Wayne Community College has graduated its 76th Basic Law Enforcement Training class. The eight cadets who completed the college’s academy received certificates to work as sworn law enforcement officers in North Carolina.
Certificates were conferred on:
- Blake Ryan Davis, Goldsboro
- Estefan Antonio Daza of Fremont
- David John Gravatt of Pikeville
- Timothy Jacob Gray of La Grange
- Stephen Timothy Harper of Kinston
- Todd Michael Jessee of Goldsboro
- Dioselina Maldonado Osorio of Walstonburg
- Hunter Derrick Walker of La Grange.
Awards were presented for outstanding performance and leadership.
Davis garnered the Major J. Memmelarr Student Excellence Award. In addition to being the overall top graduate, WCC Public Safety Division Chair Beverly Deans said that “every situation [Davis] was put into, he always came out with a positive and professional attitude” and he demonstrated a “true and sincere dedication” to the law enforcement profession.
Formerly the valedictorian award, it has been renamed to honor Jay R. Memmelarr Jr., an officer with the Goldsboro Police Department who died in the line of duty in 2017. He had been the valedictorian of his WCC BLET class and later became an instructor for the academy.
The Physical Fitness Award went to Walker. He excelled in all activities designed to prepare the recruits for the Police Officer’s Physical Ability Test and timed runs.
Gray was presented the Top Gun Award for demonstrating the most overall proficiency in use of firearms. Cadets complete 40 hours of firearms work in both the classroom and on the firing range.
Daza earned the Leadership Award. According to WCC Law Enforcement Coordinator Angie Blizzard, he “exemplified the definition of leadership.”

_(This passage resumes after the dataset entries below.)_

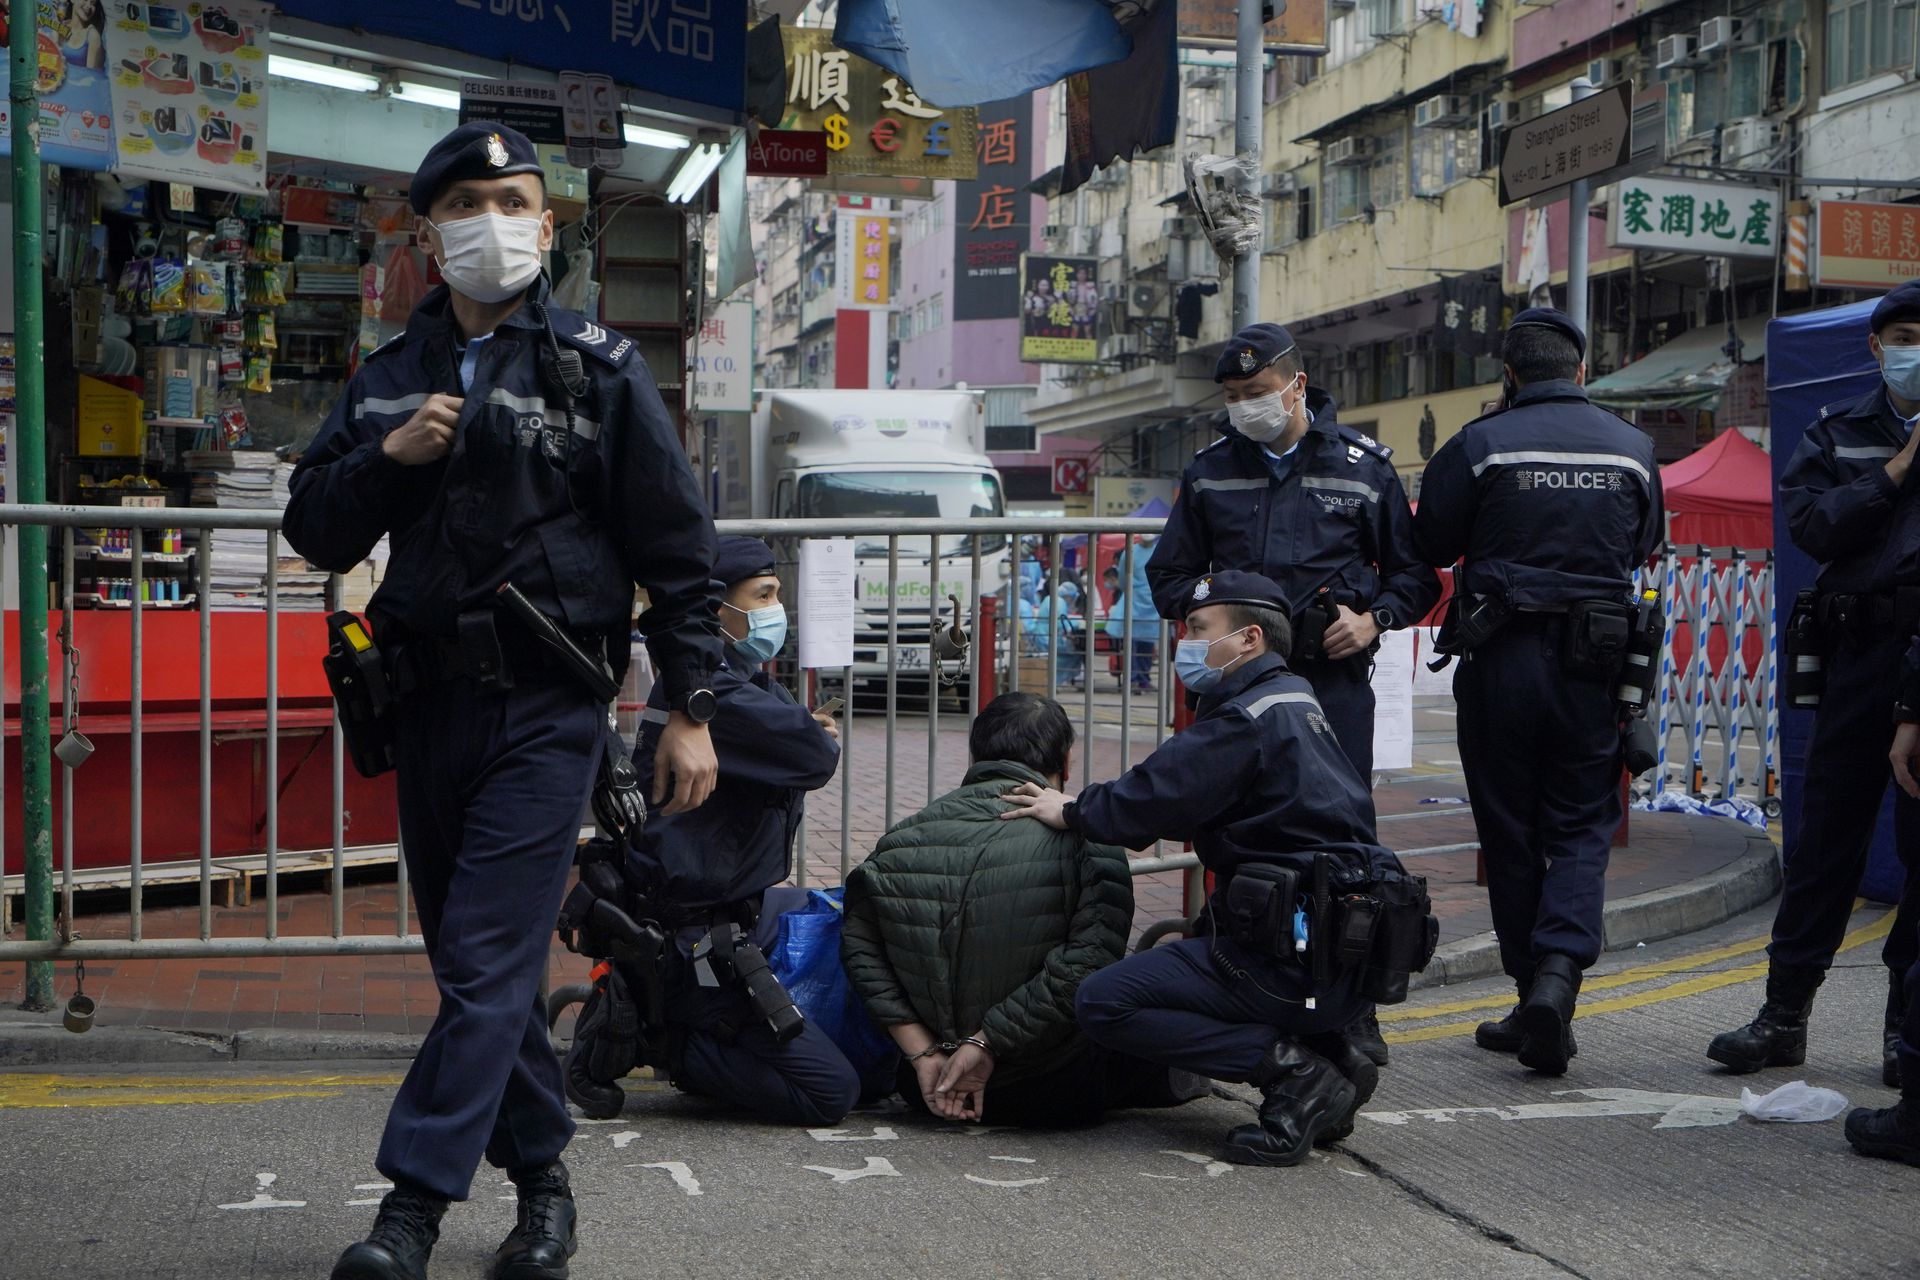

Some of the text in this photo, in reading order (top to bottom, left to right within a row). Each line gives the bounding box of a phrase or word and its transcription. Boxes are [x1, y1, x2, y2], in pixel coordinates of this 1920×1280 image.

[464, 82, 505, 96] CELSIUS
[1526, 105, 1601, 150] Shanghai Street
[747, 142, 817, 163] arTone
[1541, 145, 1582, 180] 上海街
[1622, 187, 1772, 246] 家潤地產
[609, 339, 632, 361] 58533
[713, 356, 737, 372] CO.
[517, 415, 567, 447] POCE
[1534, 471, 1606, 489] POLICE
[1324, 495, 1362, 508] POLICE
[866, 581, 947, 597] MdFot

Davis and Walker were selected by their peers to speak during the ceremony. Both talked about the rigors of the program, the dedication and sacrifices of their loved ones and friends that allowed them to complete it, and the respect they have for their instructors and their new profession.

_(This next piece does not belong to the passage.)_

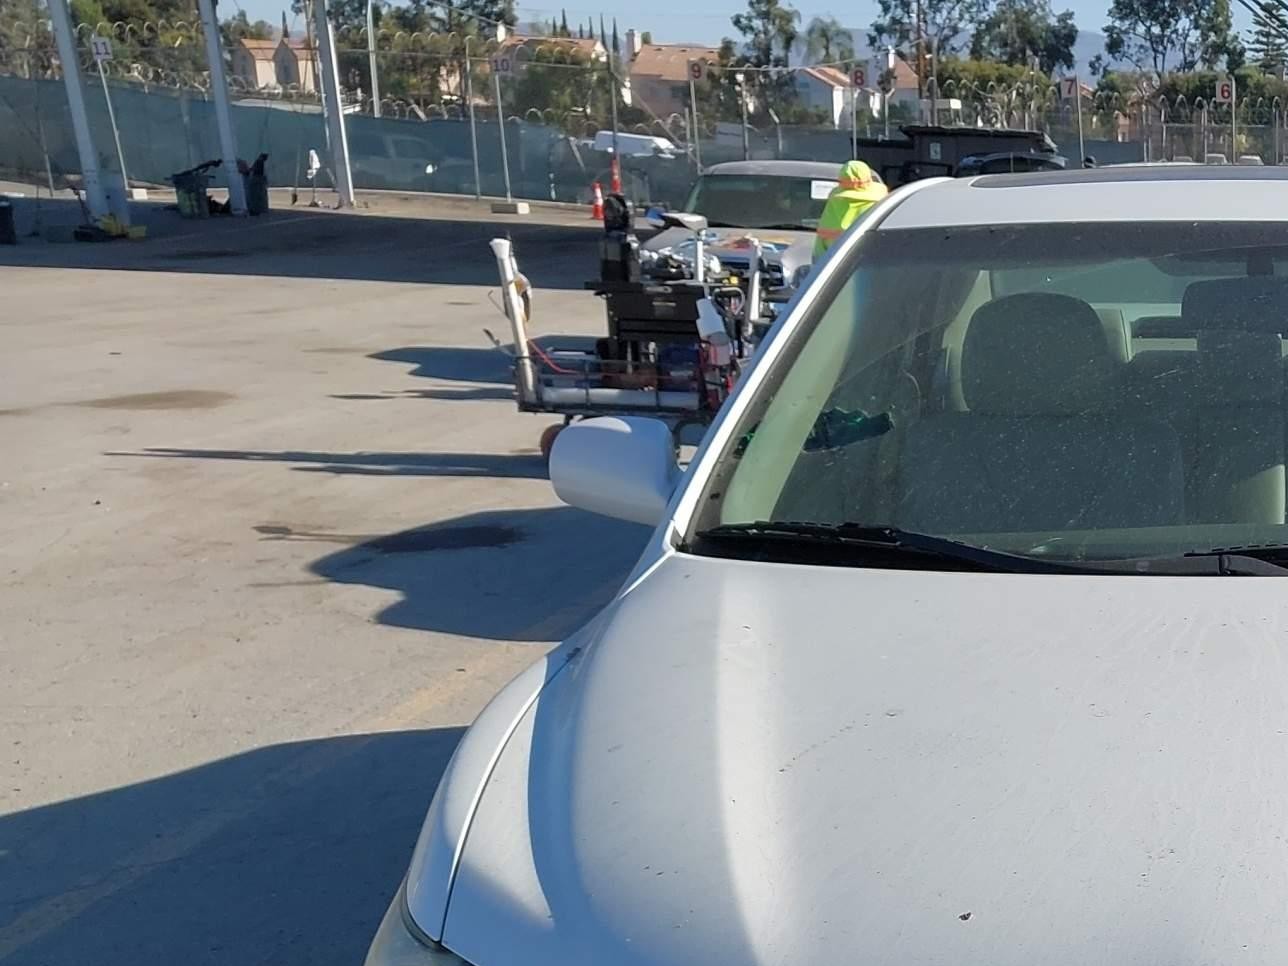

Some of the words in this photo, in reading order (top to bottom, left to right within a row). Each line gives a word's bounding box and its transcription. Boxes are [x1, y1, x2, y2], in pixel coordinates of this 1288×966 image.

[691, 63, 702, 79] 9
[854, 69, 865, 86] 8
[1064, 79, 1074, 95] 7
[1221, 83, 1231, 99] 6

“It was a long and tiring eight months, but I would not trade it,” Davis said.
Davis and Walker praised their classmates and instructors for their “adaptability” when program formats changed due to the COVID-19 pandemic. Blizzard agreed, saying, “This class learned what it meant to be fluid.”
Davis, Walker, and their instructors noted that the cadets were “the quietest class” in academy history. “We were a very serious class,” Walker said. “It was time to get down to work.”

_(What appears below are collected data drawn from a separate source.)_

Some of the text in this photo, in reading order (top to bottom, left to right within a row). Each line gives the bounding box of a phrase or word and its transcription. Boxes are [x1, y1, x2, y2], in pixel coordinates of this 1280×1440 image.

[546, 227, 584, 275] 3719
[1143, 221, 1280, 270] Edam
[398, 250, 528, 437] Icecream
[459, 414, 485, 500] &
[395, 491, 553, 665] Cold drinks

Deans acknowledged the mental and physical challenges the cadets had faced during 702 hours of training covering a minimum of 39 aspects of law enforcement. She congratulated them for the commitment that got them through all of it and will continue to serve them in the service profession they are entering.
“The first line of defense for your community lies with you,” Deans said. “We are the 24/seven helpline and defense to our streets and neighborhoods. It is your responsibility to protect and serve the citizens of our communities.”
“You now have a unique opportunity because you can dramatically change someone’s life for the better by taking the time to care, truly protect, and serve,” Deans said.
“You have learned a lot about the words ‘integrity,’ ‘honor,’ and ‘discipline,’ and now it is time to go out and not just speak those words, but live those words,’” Blizzard said. “Uphold the sense of duty, dignity, and discipline that you feel today. Keep your head high, your boots shined, and your badge untarnished.”
With this graduating class, the school has produced 1,170 graduates since its establishment in 1983. Currently, WCC graduates work for 52 different law enforcement agencies in this state and more elsewhere.
WCC’s academy is accredited by the North Carolina Criminal Justice Education and Training Standards Commission and North Carolina Sheriffs’ Education and Training Standards Commission through the N.C. Community College System.